CARCD Celebrates Pollinator Week with a Focus on the Western Monarch Butterfly 06/22/2021
By Nancy Wahl-Scheurich
The California Association of Resource Conservation Districts (CARCD) is celebrating its busiest Pollinator Week ever, managing several programs that support creation, preservation, and enhancement of monarch butterfly habitat on working lands in California. The western monarch butterfly population has declined over 99 percent in the past 20 years. Western monarch counts in 2020 were the lowest yet, and the next several years will be a critical time to bring back the butterflies from a path to extinction, so CARCD has made monarch conservation a high priority.
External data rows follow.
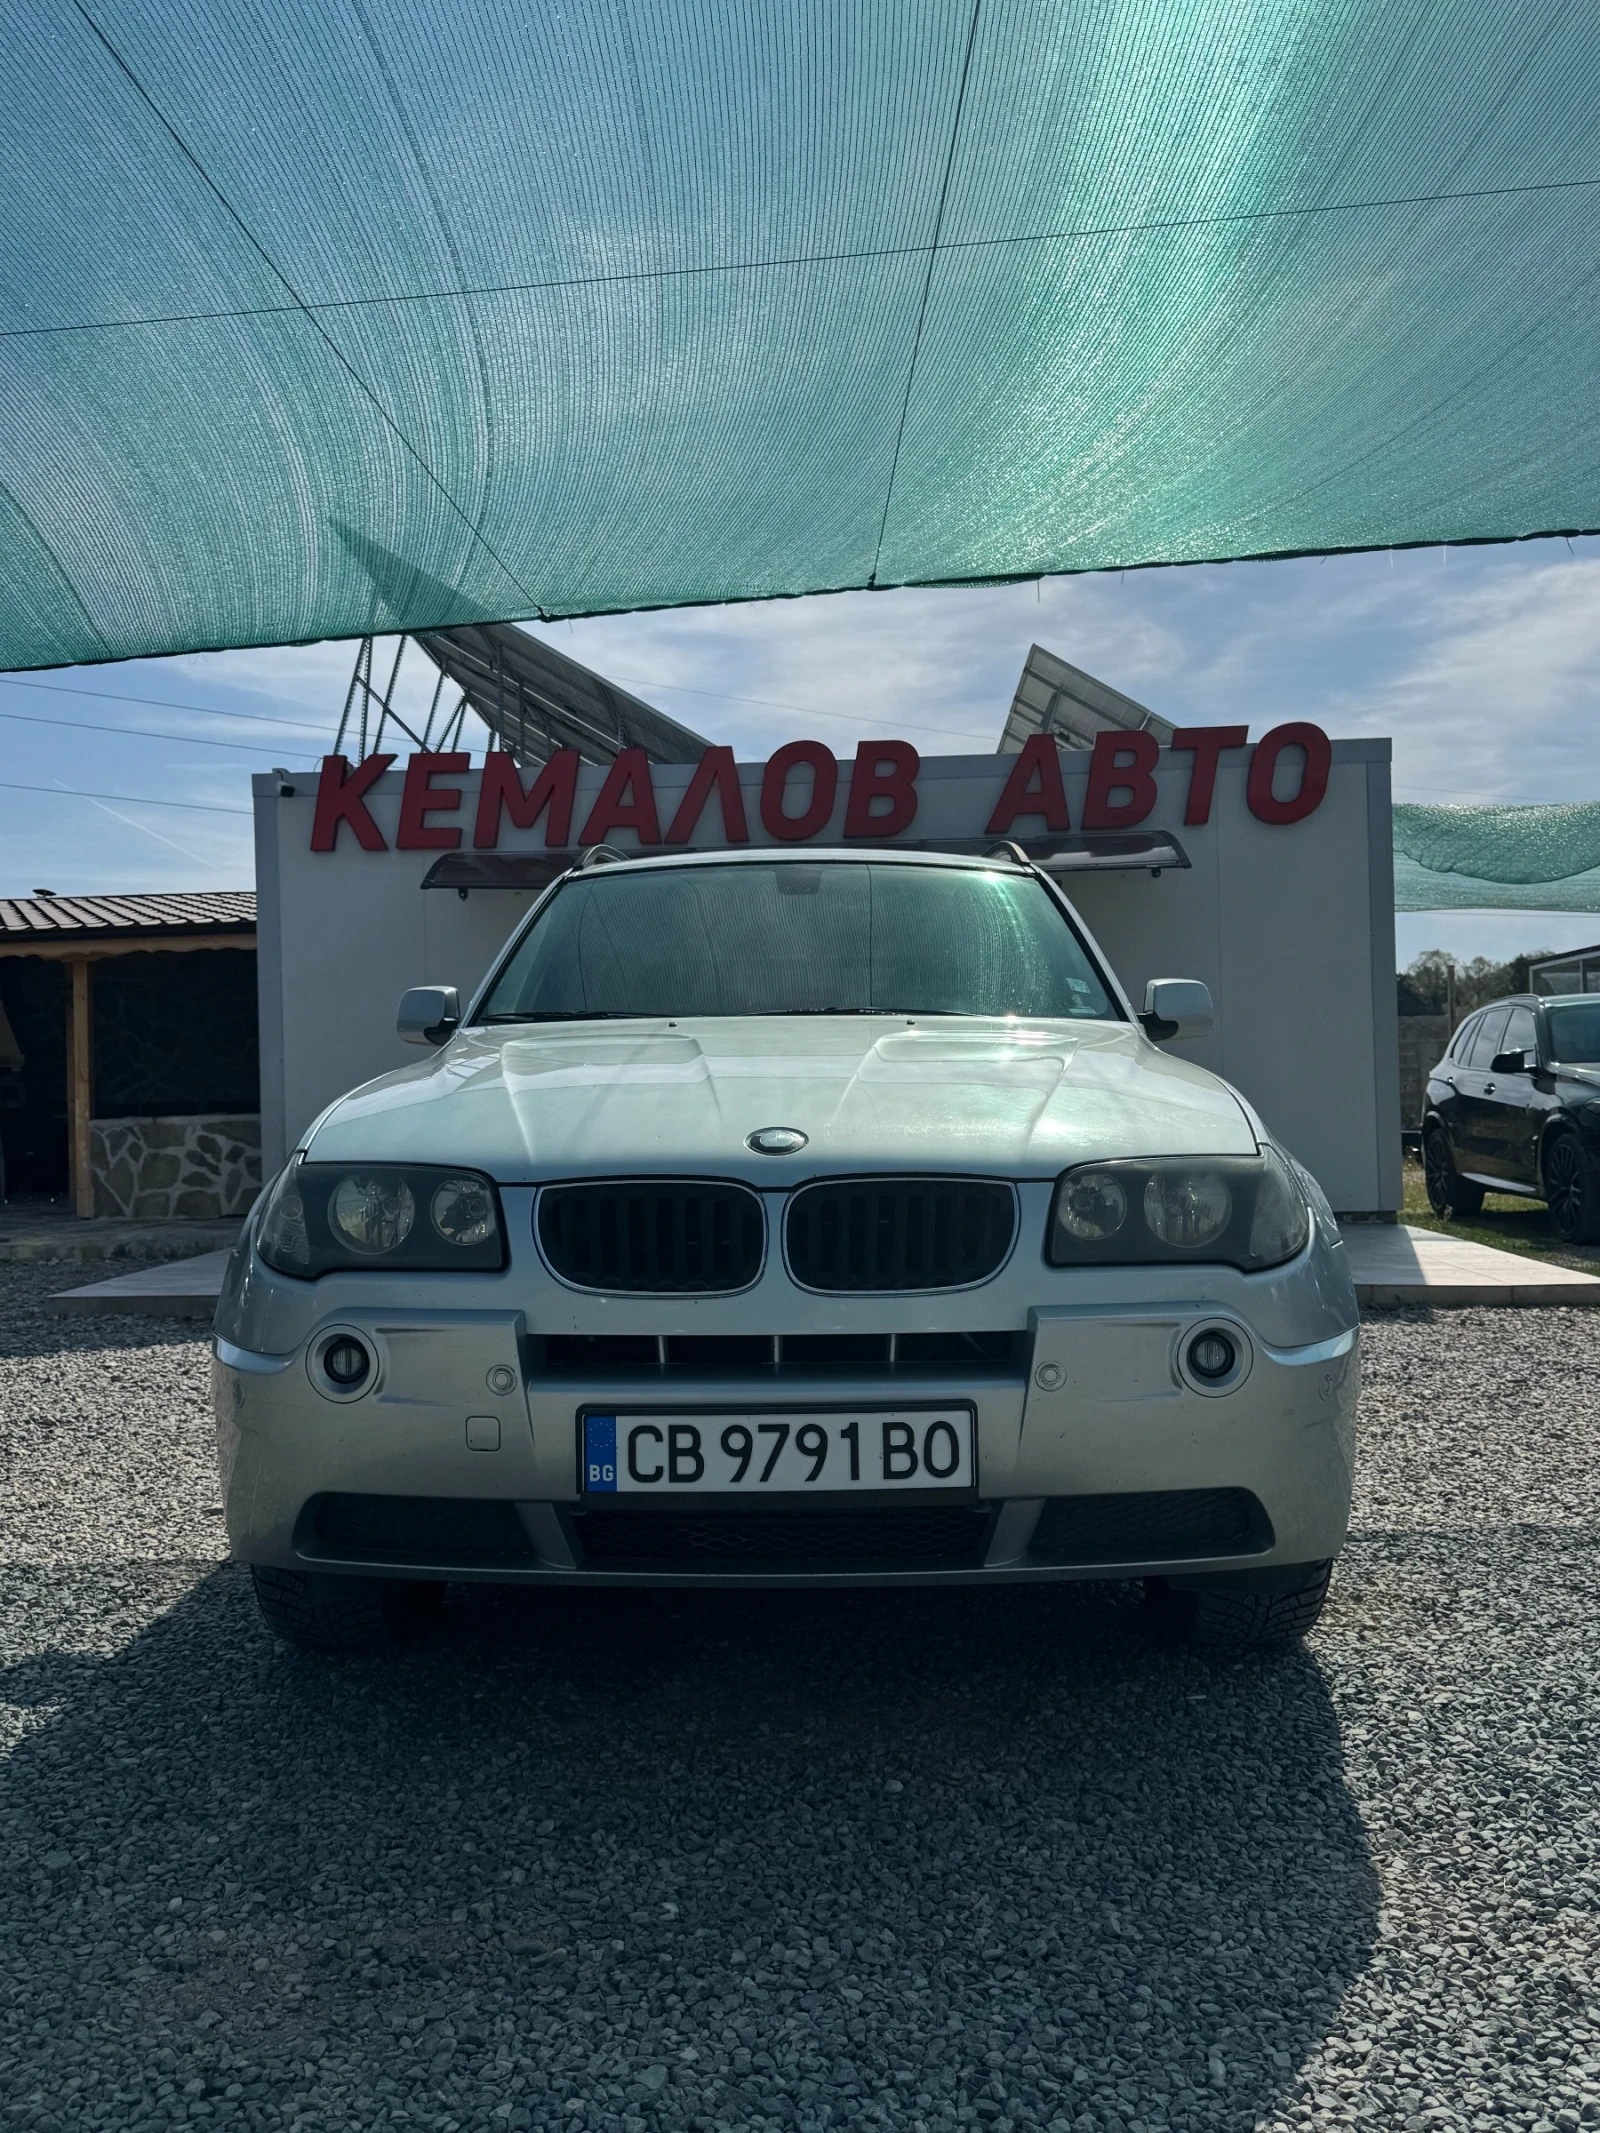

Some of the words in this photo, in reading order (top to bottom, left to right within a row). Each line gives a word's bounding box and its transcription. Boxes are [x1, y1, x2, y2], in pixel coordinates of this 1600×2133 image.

[310, 739, 920, 852] КЕМАЛОВ
[985, 721, 1332, 835] АВТО
[589, 1464, 615, 1482] BG
[627, 1424, 705, 1483] CB
[720, 1421, 861, 1483] 9791
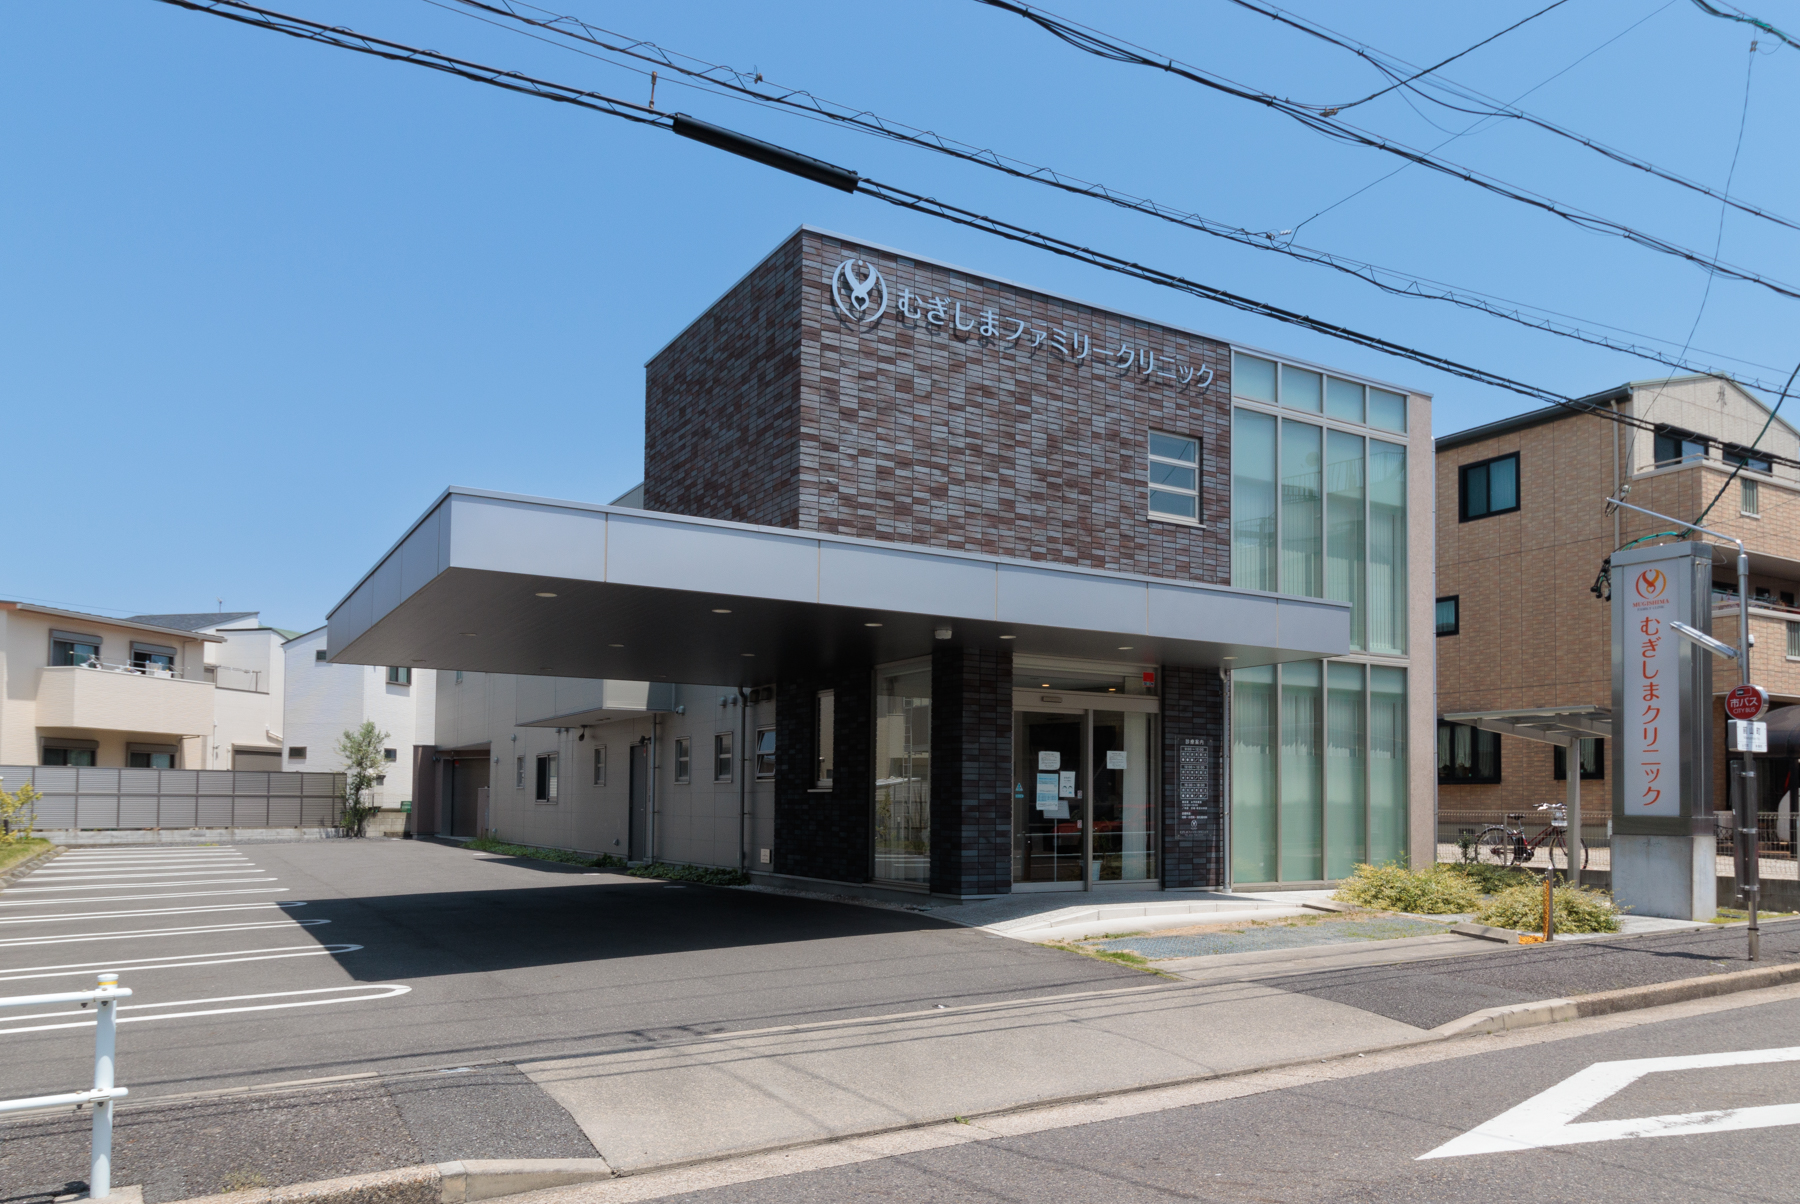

“At CARCD, we know how big the need is to save the western monarch and we are working extra hard to make it happen”, said Karen Buhr, executive director of CARCD. “We’re enabling projects being carried out by California’s resource conservation districts (RCDs) that are employing the most important strategies for bolstering the western monarch population: protecting and restoring overwintering sites, providing nectar resources along the migratory flyway, and increasing the availability of early-season native milkweed. RCDs already work directly with state, federal, and local agencies, landowners, communities and other stakeholders, so they are perfectly situated to create monarch habitat throughout the monarch’s range in California.”
Since its focus on monarch conservation began in 2019, CARCD has coordinated the work of 11 RCDs who have added 11 acres of monarch breeding and nectar habitat across the state, with much more expected over the next year. They have also developed 36 monarch habitat plans for landowners interested in monarch conservation. This year CARCD began supporting seven new monarch projects involving 13 RCDs who will provide technical assistance to farmers and ranchers who want to create and restore monarch habitat on their land – helping with planning, design, permitting, planting, monitoring, and more.
Another CARCD program supported a native milkweed and nectar plant sale and outreach campaign in Sonoma County and will fund a project to pilot and document best practices for pollinator habitat creation on cannabis farms on the Central Coast. Nearly all of the projects are being carried out in the “Priority One Conservation Action Zone,” which encompasses the areas in California that biologists have determined to be most crucial for migrating monarchs.
“Our programs are enabling RCDs to carry out really impactful monarch conservation projects throughout California”, Buhr continued, “but it will take an all hands on deck to turn the monarch situation around. We are grateful to the Wildlife Conservation Board, the National Fish and Wildlife Foundation, and Legion of Bloom for funding our monarch programs. We hope many more Californians will join us and do what they can by planting native nectar plants and native milkweed, supporting state and federal funding for monarch conservation, participating in community science, and making donations to organizations doing monarch conservation. It’s Pollinator Week, so it’s a great time to get started!”